D. – Quali sono le destinazioni?
R. – Lavoriamo su Africa e
America Latina e poi sul bacino del Mediterraneo con alcune nuove proposte
anche nei Balcani, molto interessanti. Sono a basso costo per proporre la
conoscenza di Paesi che non sono tradizionalmente turistici.
D. – Qual è il prototipo del
viaggiatore solidale?
R. – L’età media che va dai 25
ai 55-60 anni, che è l’età lavorativa. Bisogna dire che nel nostro caso sono
proposte purtroppo economicamente non molto basse, ci sono dei voli aerei,
soprattutto in alta stagione, che incidono a volte anche per 1.000-1.200 euro.
Aderiscono persone che lavorano e che hanno già per conto loro un’apertura
mentale rispetto ai temi della solidarietà internazionale. Direi che è un
target in continuo allargamento: sono sempre di più le persone che hanno voglia
di vedere la realtà dei Paesi dietro alla carta patinata delle riviste e
soprattutto dei cataloghi dei tour-operator tradizionali.

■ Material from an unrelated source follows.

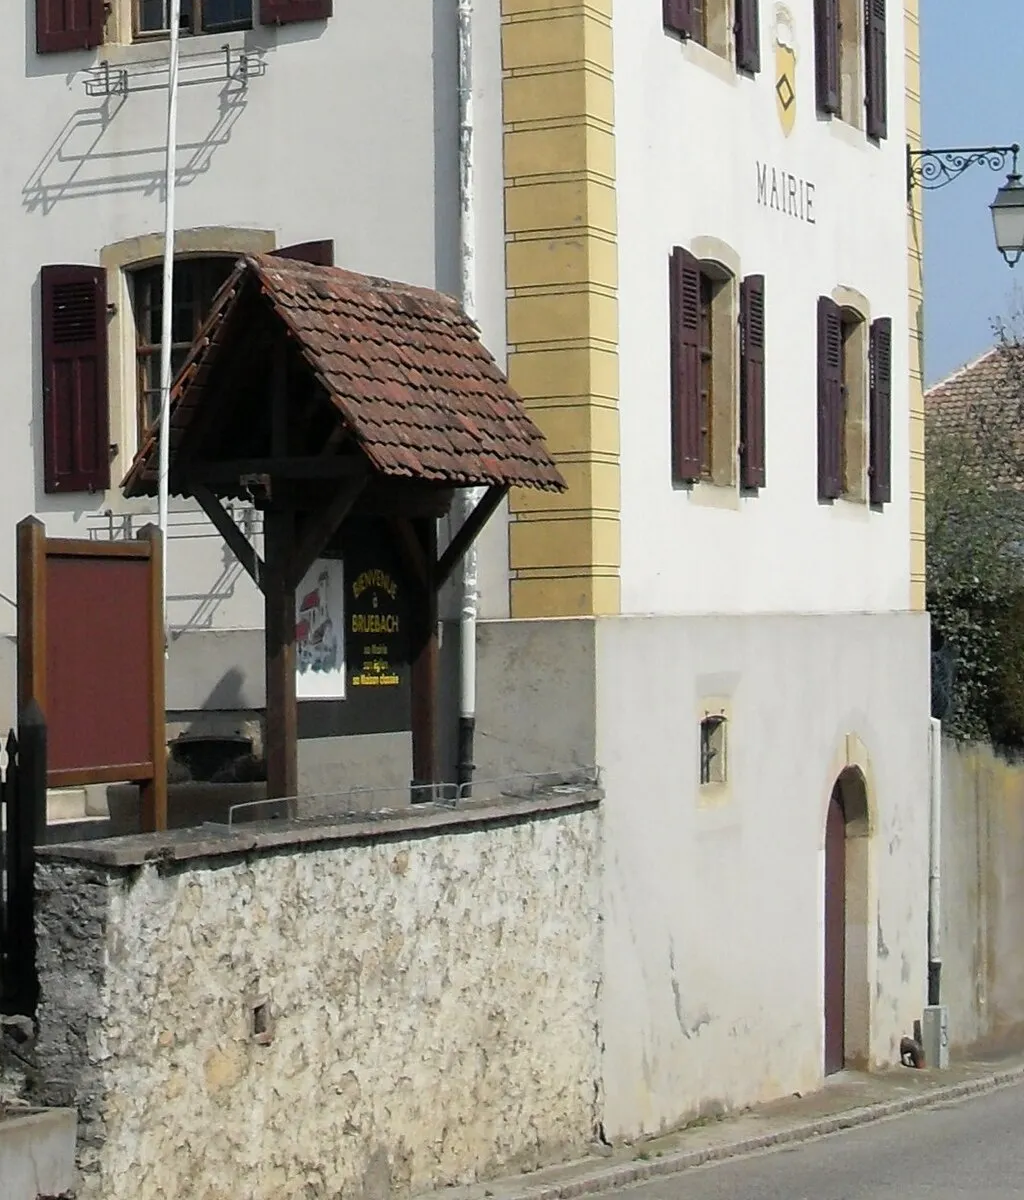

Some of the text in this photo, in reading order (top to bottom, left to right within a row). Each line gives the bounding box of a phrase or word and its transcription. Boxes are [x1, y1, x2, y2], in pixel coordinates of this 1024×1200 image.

[756, 160, 816, 225] MAIRIE
[352, 568, 398, 600] BIENVENUE
[352, 614, 400, 633] BRUEBACH

D. – Come si possono reperire
informazioni dall’Italia per fare un “viaggio responsabile”?
R. – Le indicazioni sono due:
una è quella dell’Associazione italiana turismo responsabile, sotto la quale ci
siamo tutti noi organizzatori di viaggi; per quanto riguarda le nostre proposte
specifiche, il sito è www.viaggisolidali.it.
Le nostre proposte sono ormai sposate da persone che arrivano da tutta Italia,
per cui ci sono anche alcune “botteghe” della rete del commercio equo che
collaborano con noi alla diffusione e alla promozione di questi viaggi.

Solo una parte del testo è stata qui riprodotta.